1: The Conflicting Truths of the 1992 Los Angeles Uprising

Advancement Project California
4 min readApr 27, 2017

This is the first post of a three-part series on the current racial equity and social justice landscape in California by John Kim, Executive Director of Advancement Project California.

F. Scott Fitzgerald once said, “The test of a first-rate intelligence is the ability to hold two opposing ideas in mind at the same time and still retain the ability to function.”

Whenever I think of the 1992 Los Angeles Uprising, and the intervening 25 years, this quote comes to mind. The quote has pushed me to come to terms with my own personal narrative within the complex and sometimes contentious racial landscape of Los Angeles. At the same time, it has helped me to frame both the progress we have seen and the challenges that remain in Los Angeles all these years later.

Several years before the 1992 uprising, I remember my father and I visited his friend’s liquor store in South LA. I remember this visit because that afternoon, my father’s friend got into an argument with a customer. There they were –my father’s friend and this customer — standing on opposite sides of that over-crowded countertop and Plexiglas barrier, both shouting at the top of their lungs. I don’t recall the details of the argument, but I do remember the heat. The heat of the summer day, how hot it was inside that store, and how heated the argument was.

I remember thinking how far apart they were from each other. One was an immigrant storeowner with a thick English accent. He received a Master’s level education in Business Administration in Korea and had big dreams for his life in America. But there he was, stuck behind those counters, day in and day out. The other — I had assumed — was a local resident. One, who most likely, was sick of being treated with disrespect in his own neighborhood. Someone who saw this skirmish as part of a much longer fight against decades of both every day and generational racial oppression.

To any witness, their differences may have seemed obvious. But that day, I not only saw the difference between them, but their similarities. I saw how they were both men who — despite their best efforts — found their dreams deferred. I saw how both men were unable to live to their full potential and be respected as the human beings they were. Back then, as a kid, it was too difficult for me to resolve these contradictions into something productive.
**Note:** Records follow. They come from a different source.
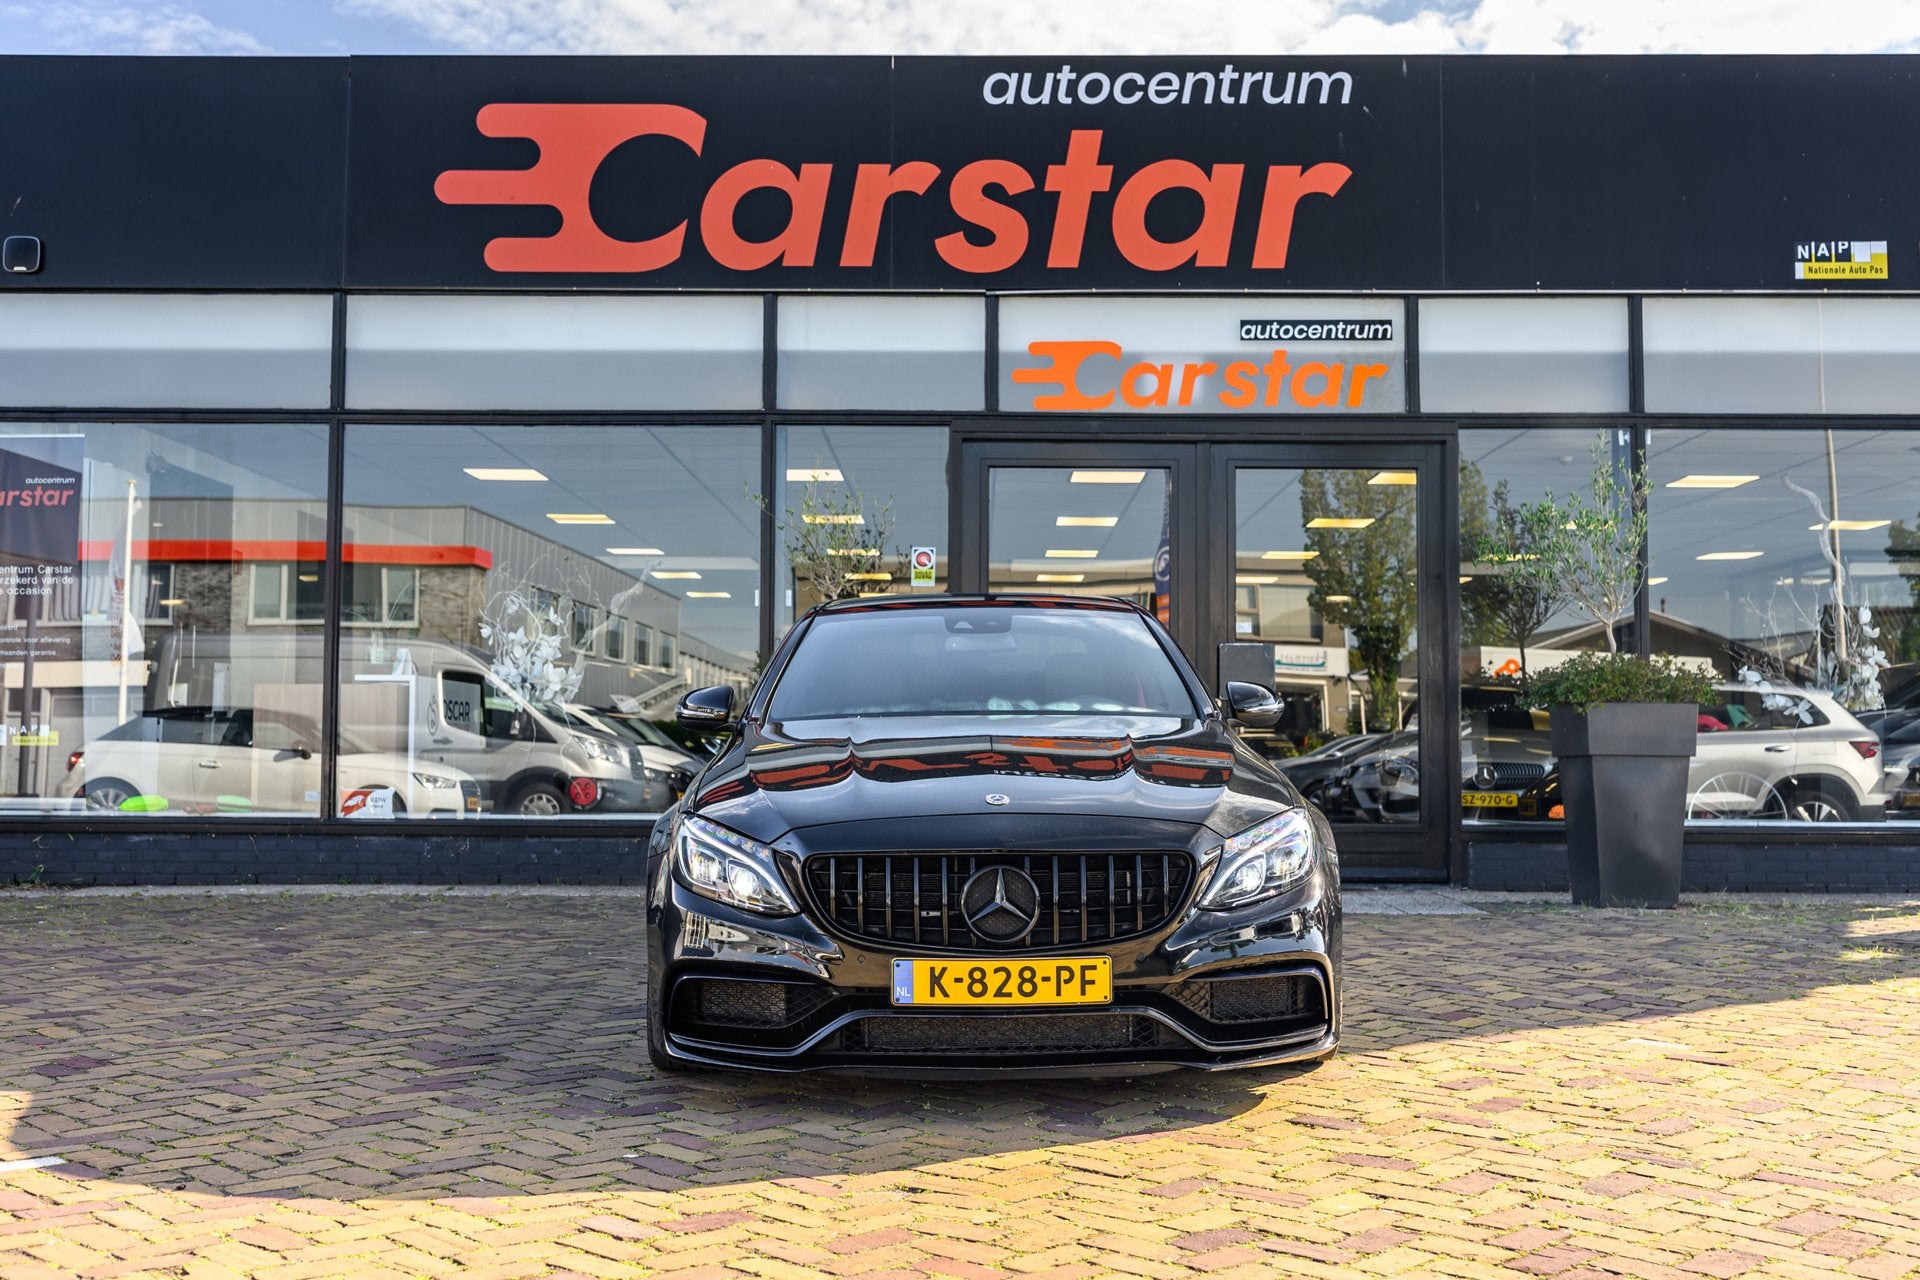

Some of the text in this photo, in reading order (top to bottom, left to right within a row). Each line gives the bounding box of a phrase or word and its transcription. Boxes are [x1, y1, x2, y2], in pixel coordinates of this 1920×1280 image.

[982, 64, 1353, 106] autocentrum
[433, 103, 1354, 274] Carstar
[1808, 265, 1884, 275] Nationale Auto Pas
[1240, 320, 1393, 341] autocentrum
[1011, 340, 1389, 411] Carstar
[25, 476, 76, 485] autocentrum
[37, 564, 73, 575] Carstar
[41, 577, 59, 585] van
[61, 575, 74, 585] de
[6, 586, 53, 596] occasion
[1461, 794, 1513, 806] SZ-970-G
[929, 965, 1098, 998] K-828-PF
[896, 986, 911, 997] NL
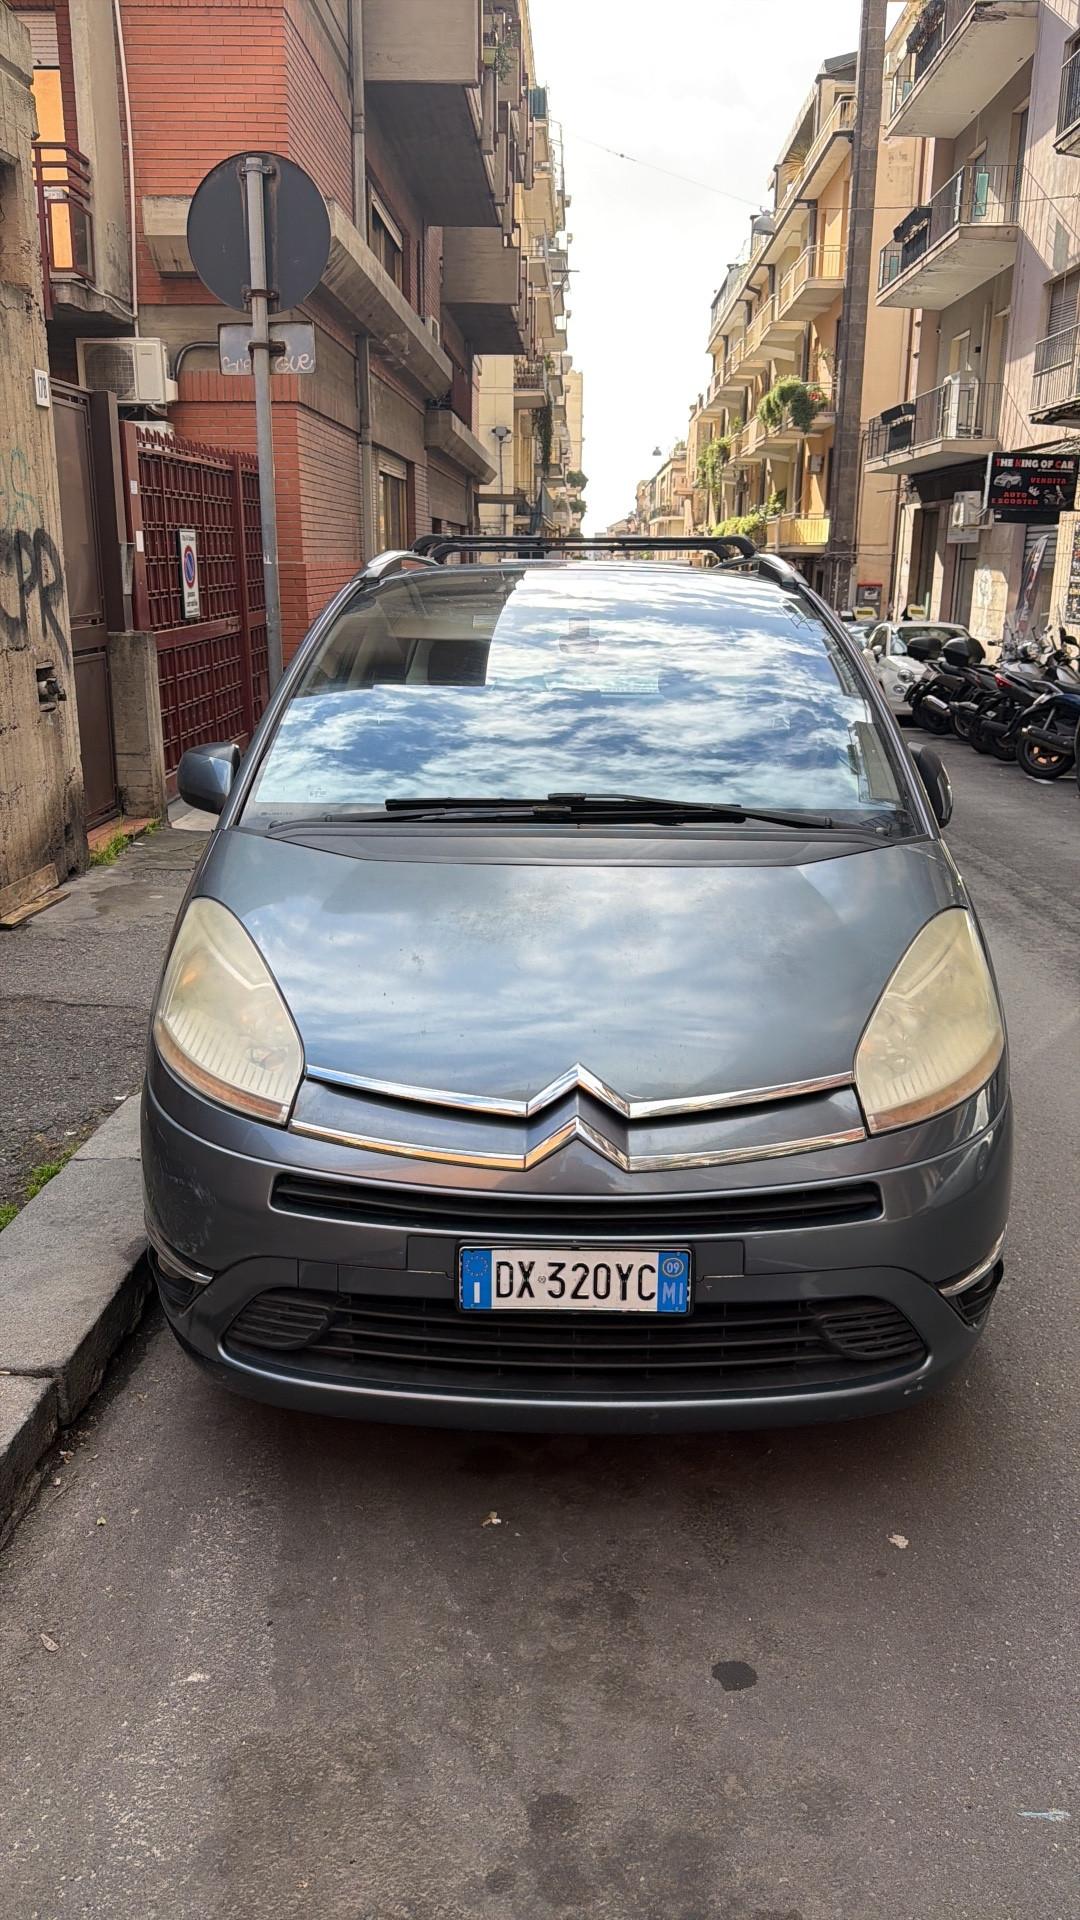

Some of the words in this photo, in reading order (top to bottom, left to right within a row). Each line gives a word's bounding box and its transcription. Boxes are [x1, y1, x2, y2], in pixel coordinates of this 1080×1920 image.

[995, 458, 1014, 468] THE
[1015, 458, 1039, 468] KING
[1041, 460, 1054, 469] OF
[1055, 460, 1075, 469] CAR
[666, 1262, 680, 1274] 09
[662, 1281, 684, 1305] MI
Soon after that visit, there was the beating of Rodney King and then the murder of Latasha Harlins. And then it seemed like the world caught on fire. I remember worrying about how my father would get home from his dry cleaners on Olympic Blvd. that night. He called us from a brick-sized cellular phone to tell us roads were blocked and he had to find another route home.

So many disparate thoughts crossed my mind. How could Soon Ja Du take Latasha’s life? Why was Koreatown abandoned and left to burn down as the expendable “buffer community” to save the more valued white neighborhoods just beyond? How could the Korean American community, my community, be both the oppressor and the oppressed at the same time?

I was also fixated on how so many of the burdens of our society’s contradictions and injustices are constantly laid at the feet of the African American community. Yes, many Korean American families lost everything in those three days and the Korean American community has still been unable to realize it’s true political power within Los Angeles. But many Korean American families were eventually made whole after the uprising and the community, by in large, could move on. But the communities that remained in South LA — the Black and Latino communities of Los Angeles are still waiting for their full measure of justice.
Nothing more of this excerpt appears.